#TBT – Dandelions – History and BenefitsJanet Noe
Spices, herbs, tinctures and essential oils have been used for millennia to season our food, heal our bodies and boost our spirits. In our Throwback Thursday (#TBT) series, we at re:iimmune will take you back in history to learn how these gifts from Mother Nature have been used. We’ll focus on their use through the ages and beneficial purposes in regard to nutrition, natural health and household care. This week we focus on dandelions and their many benefits!
Folks who want perfectly manicured lawns fight against the dandelion but this herbaceous plant has so many benefits to us and our ecosystem, you might think twice about mowing over them or spraying them with chemicals. Dandelions have been around for so long in the Northern Hemisphere that it’s impossible to pinpoint their nonnative status but their use was recorded in Roman times and by Anglo Saxon tribes of Britain and the Normans of France and Arabian and Indian peoples. European settlers found them so useful that they brought them on their long ocean journey across to America.
This perennial flower, botanically related to the sunflower family, which also includes daisies and thistles, grows year round unless in an area that experiences a cold winter in which case they go dormant. They have a thick taproot that can penetrate 10 to 15 feet into the soil and because they spread via seeds that can travel on the wind for hundreds of miles, they spread quickly. The name dandelion is from the French term “dent de lion” which means “tooth of the lion”. All parts of the plant are edible and dandelions have long been used as a food source, in making wine and for medicinal benefits.
Kidneys and Liver
Dandelions are very diuretic, helping to eliminate toxic substances in the kidneys and urinary tract. In France, they are also called “pissenlit” which translates to “urinate in bed”. So be under advisement! That said, dandelions can be very helpful in eliminating fat from the body as well as eliminating jaundice. Jaundice occurs when the liver begins over-producing bile which will then enter the bloodstream and messes with metabolism. The disorder causes the skin and eyes to develop a yellow tint. How interesting that the sunny colored dandelion is excellent for helping to eliminate jaundice from the body! It regulates bile production and because of its diuretic nature, it aids in eliminating excess bile.

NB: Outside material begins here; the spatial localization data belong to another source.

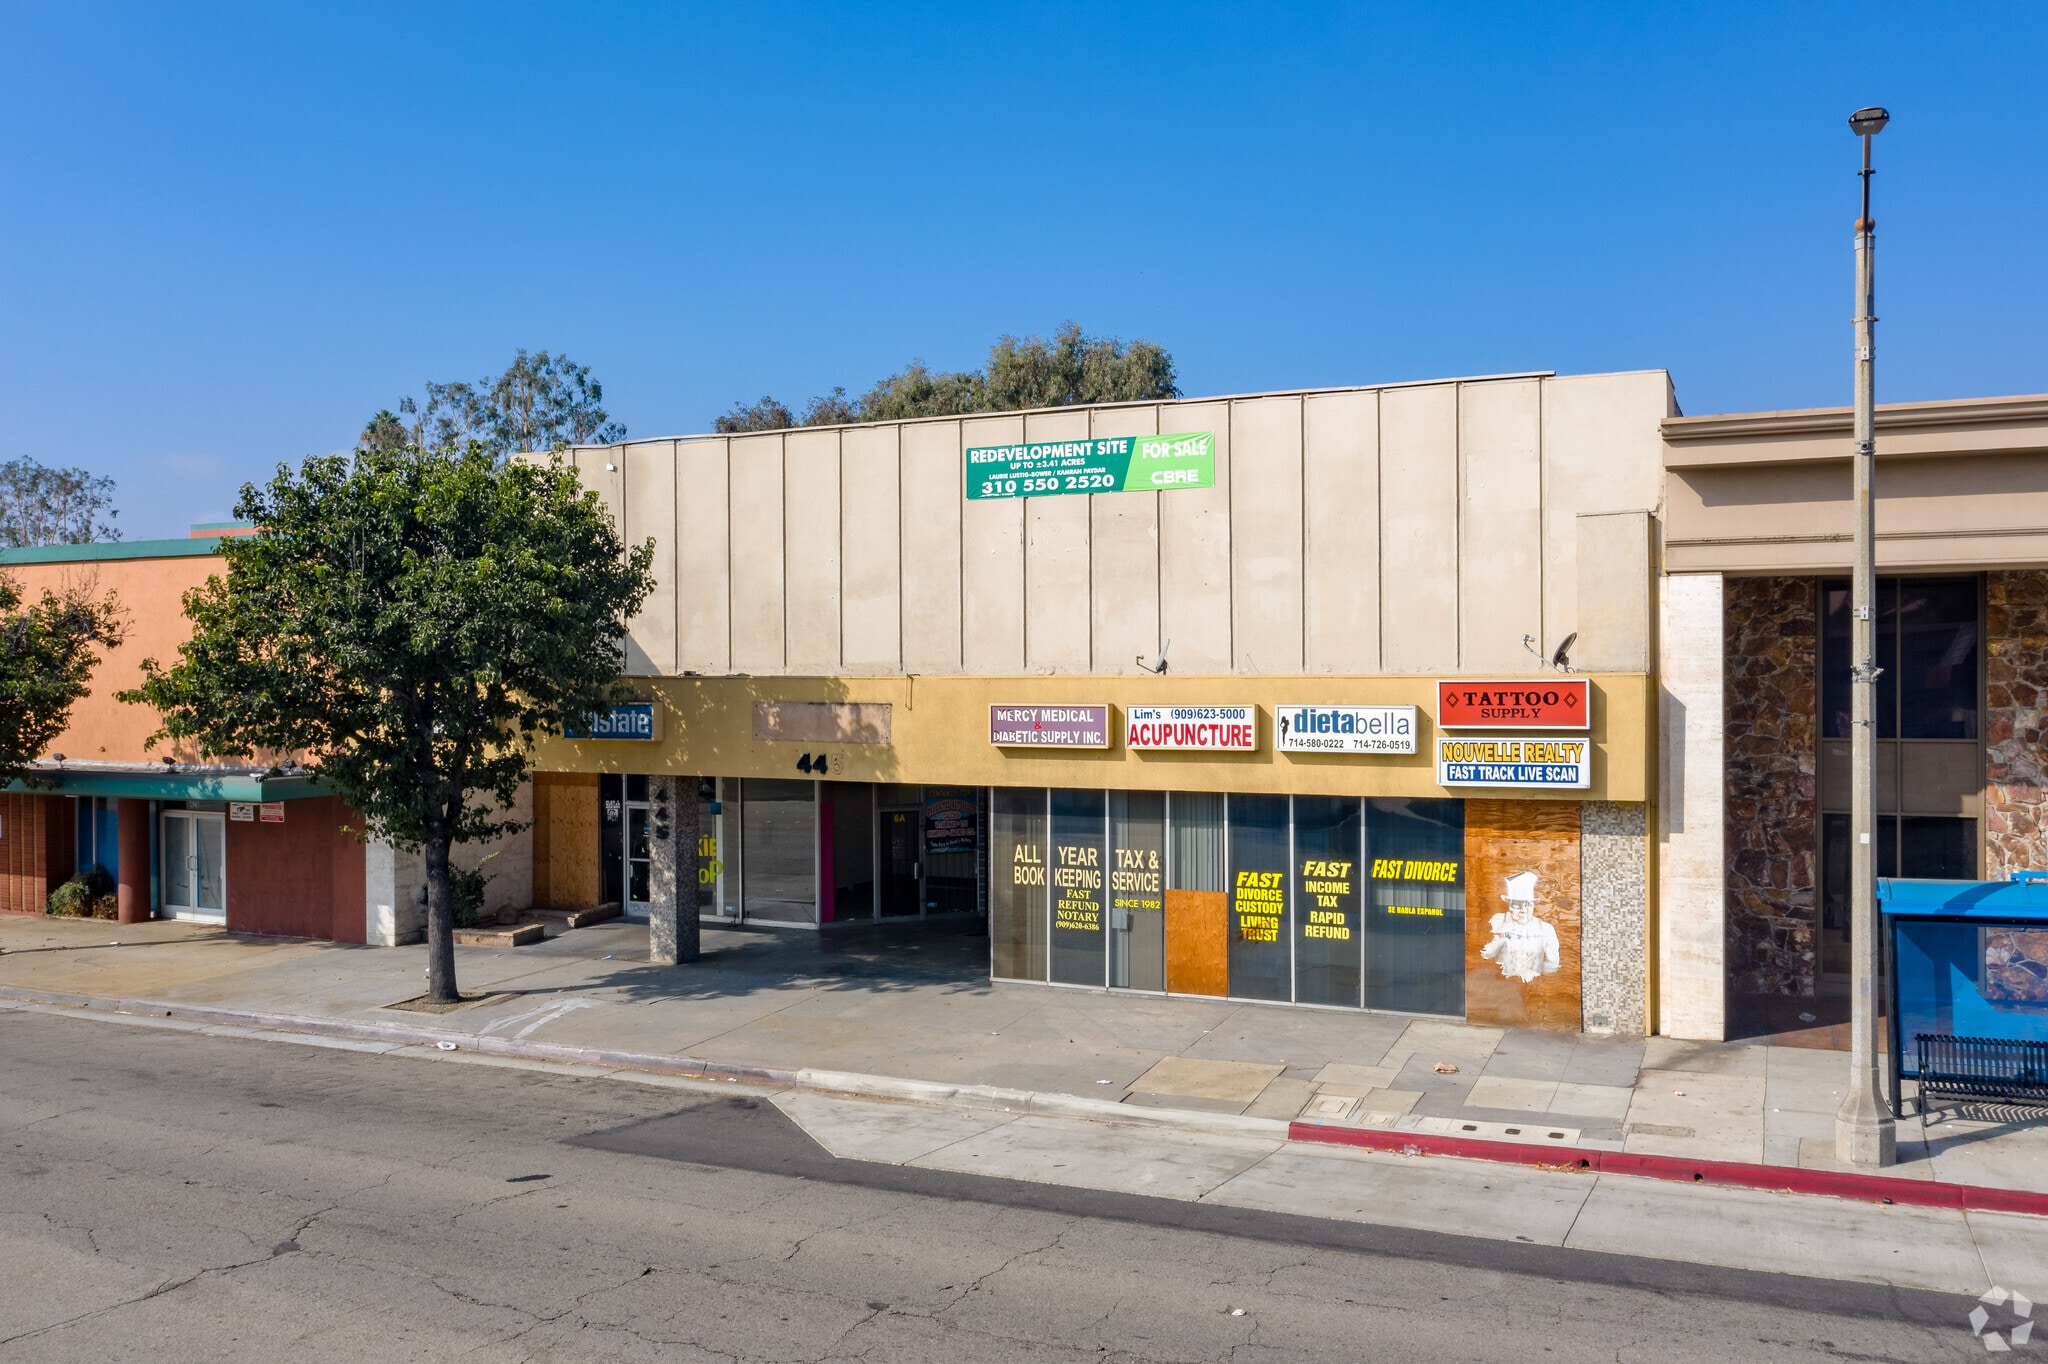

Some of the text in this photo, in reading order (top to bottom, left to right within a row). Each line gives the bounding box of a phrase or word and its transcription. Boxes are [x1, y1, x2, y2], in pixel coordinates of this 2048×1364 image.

[971, 440, 1128, 463] REDEVELOPMENT SITE
[1142, 440, 1207, 459] FOR SALE
[1010, 457, 1086, 470] UP TO ±3.41 ACRES
[1083, 466, 1106, 474] PAYDAR
[1151, 469, 1199, 484] CBRE
[981, 474, 1115, 494] 310 550 2520
[1463, 690, 1559, 706] TATTOO
[997, 709, 1094, 722] MERCY MEDICAL
[1134, 708, 1246, 719] Lim's (909)623-5000
[1480, 708, 1541, 718] SUPPLY
[1034, 721, 1043, 730] &
[1294, 709, 1409, 735] dietabella
[993, 730, 1104, 744] DIABETIC SUPPLY INC.
[1128, 724, 1252, 746] ACUPUNCTURE
[1289, 738, 1411, 749] 714-580-0222 714-726-0519
[1442, 743, 1584, 763] NOUVELLE REALTY
[1450, 765, 1577, 781] FAST TRACK LIVE SCAN
[1014, 844, 1160, 869] ALL YEAR TAX &
[1303, 861, 1351, 878] FAST
[1372, 859, 1458, 882] FAST DIVORCE
[1014, 866, 1160, 891] BOOK KEEPING SERVICE
[1236, 871, 1283, 889] FAST
[1066, 889, 1091, 899] FAST
[1236, 888, 1283, 901] DIVORCE
[1305, 881, 1350, 894] INCOME
[1058, 900, 1099, 911] REFUND
[1114, 898, 1161, 909] SINCE 1982
[1235, 900, 1284, 915] CUSTODY
[1317, 895, 1338, 908] TAX
[1057, 910, 1099, 922] NOTARY
[1387, 906, 1396, 914] SE
[1240, 915, 1279, 929] LIVING
[1310, 911, 1345, 925] RAPID
[1055, 921, 1099, 931] (909)620-6386
[1305, 925, 1350, 940] REFUND
[1241, 928, 1278, 942] TRUST
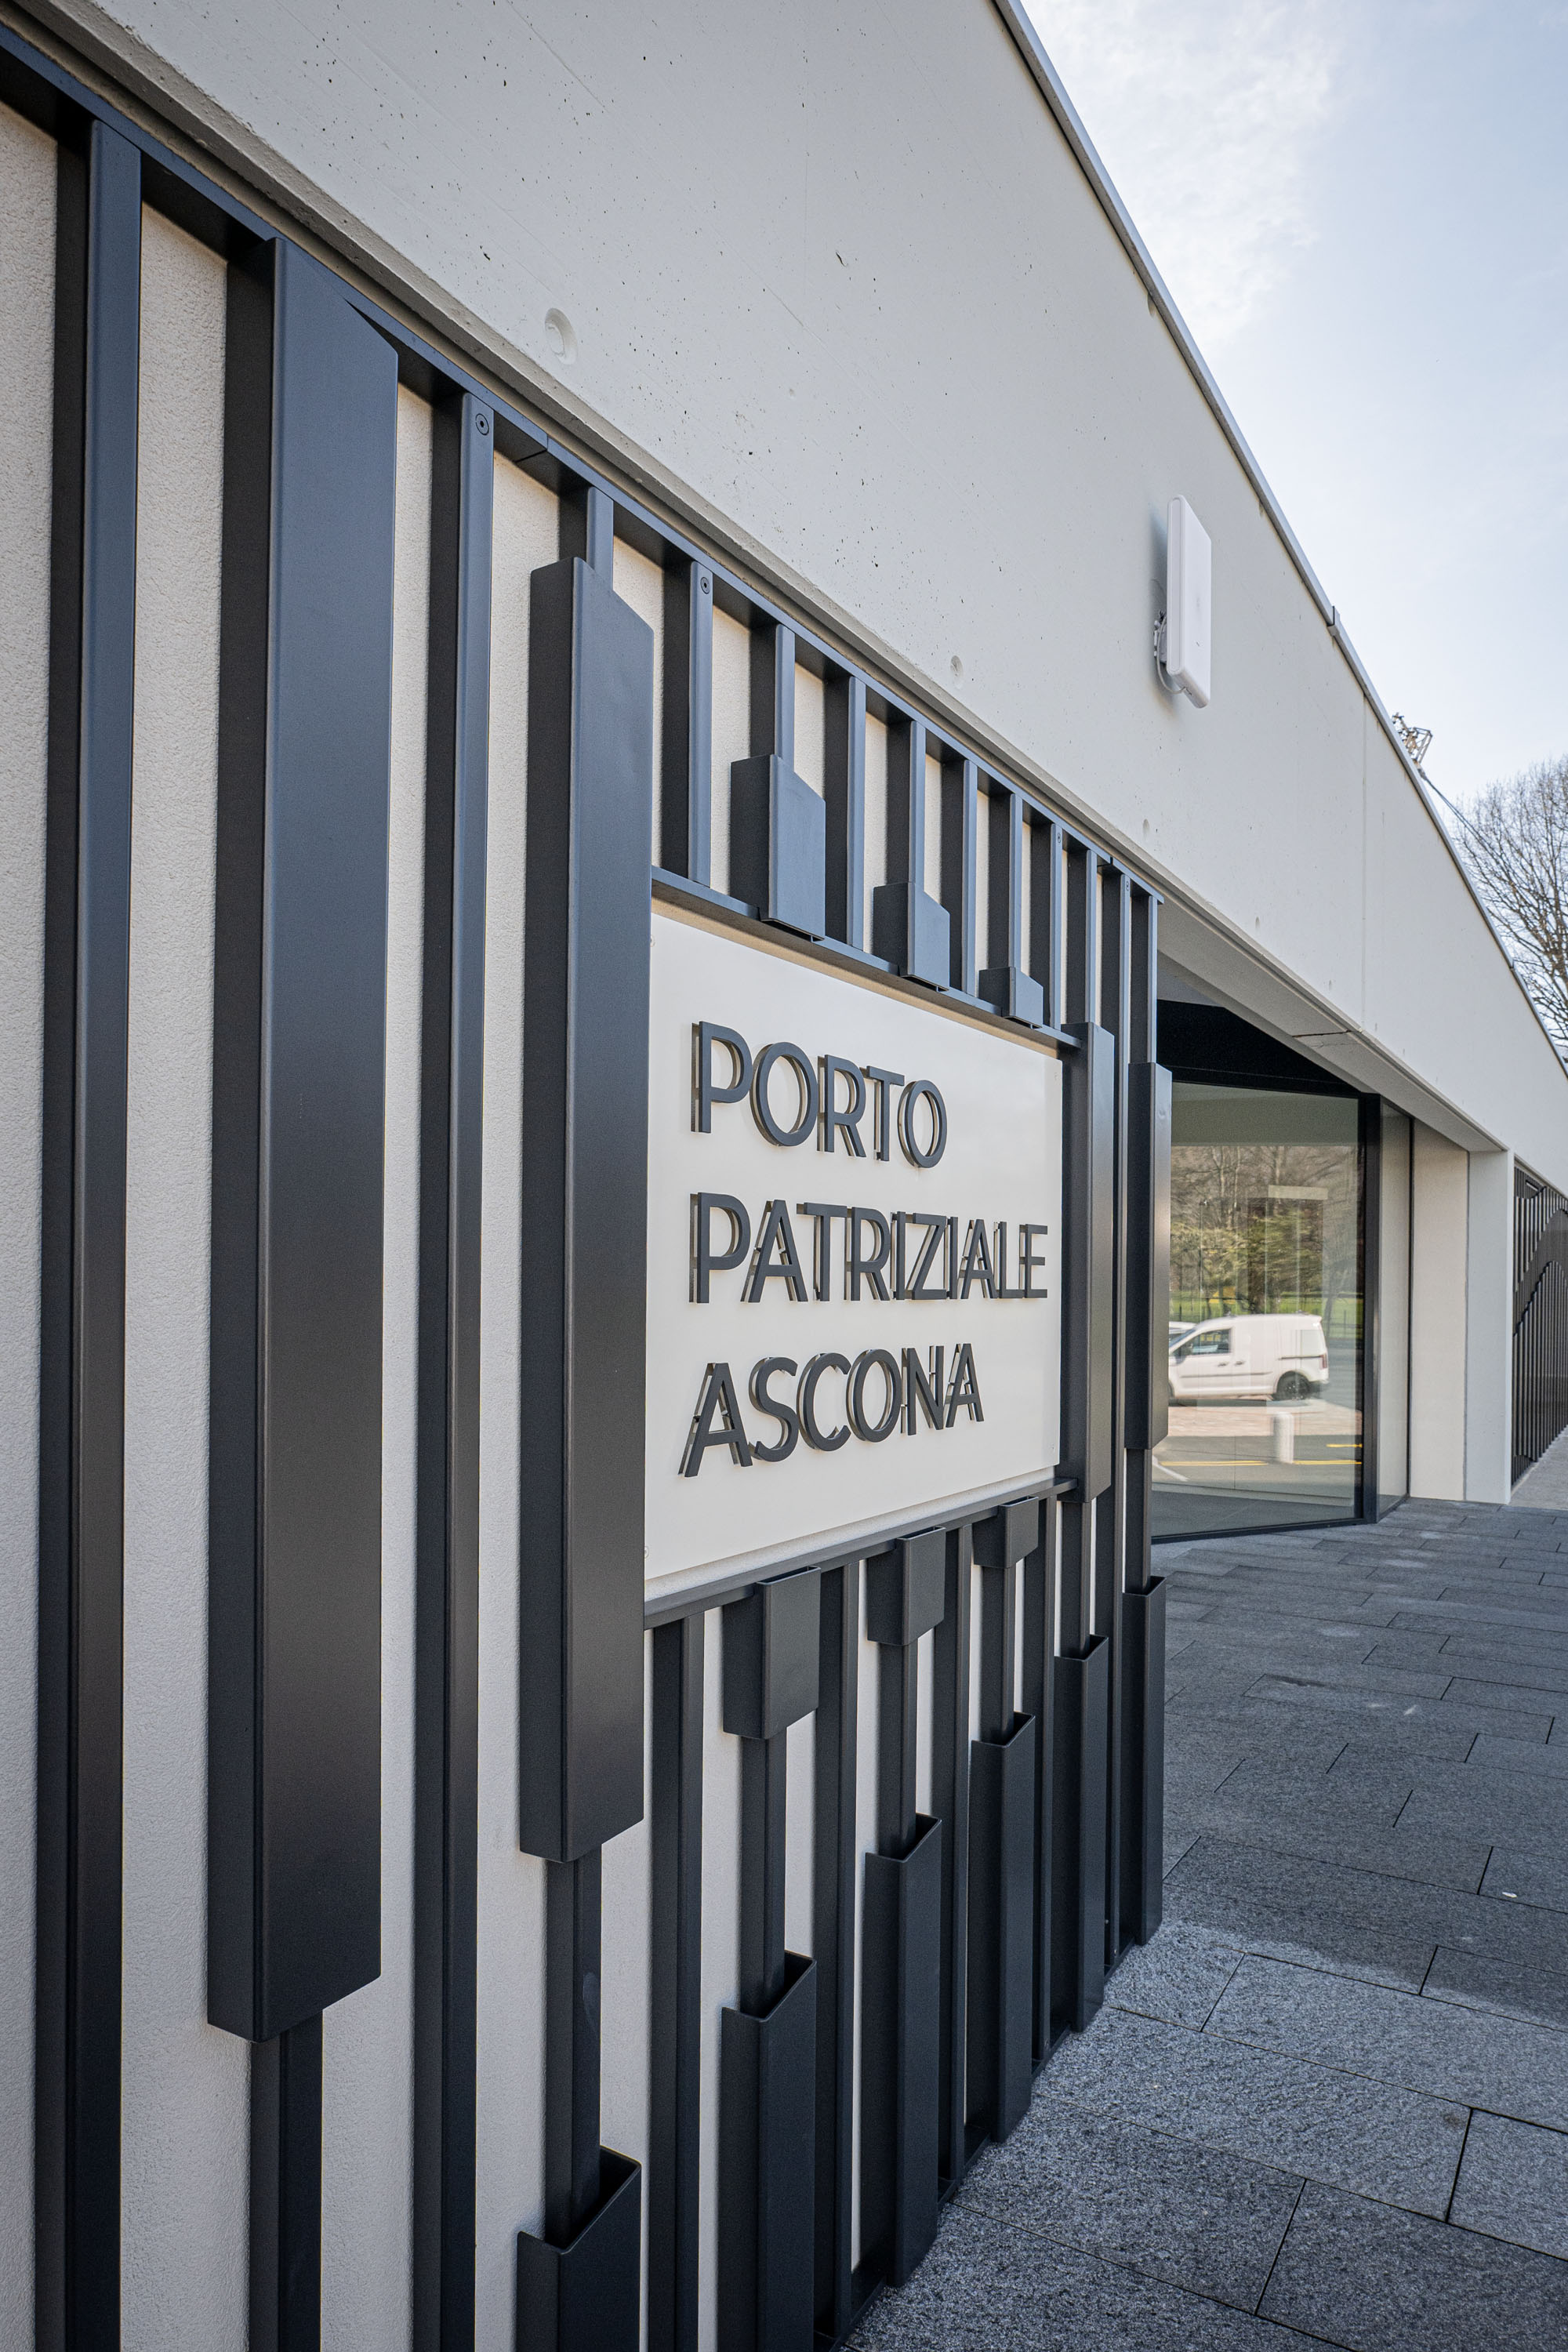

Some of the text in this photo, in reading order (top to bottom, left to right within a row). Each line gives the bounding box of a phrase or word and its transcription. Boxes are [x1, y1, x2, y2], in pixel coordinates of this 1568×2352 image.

[691, 1022, 947, 1168] PORTO
[689, 1192, 1047, 1303] PATRIZIALE
[678, 1343, 984, 1477] ASCONA

The sap, called dandelion milk, is alkaline and fights against various germs and fungi. It’s traditionally been used in the treatment of ringworm, eczema and acne. The greens of the plant contain over 100% of the daily minimum of vitamin A which also benefits the skin as well as mucus membranes and vision.
Protect Bee Populations
Dandelions are one of the major food sources for bees in the springtime. Because bee populations are in serious decline and we rely on their existence for so many other foods, it’s important to keep this in mind. Show a little love to the bees not only by leaving dandelions alone but also by avoiding the chemicals in sprays that are directly linked to their decline.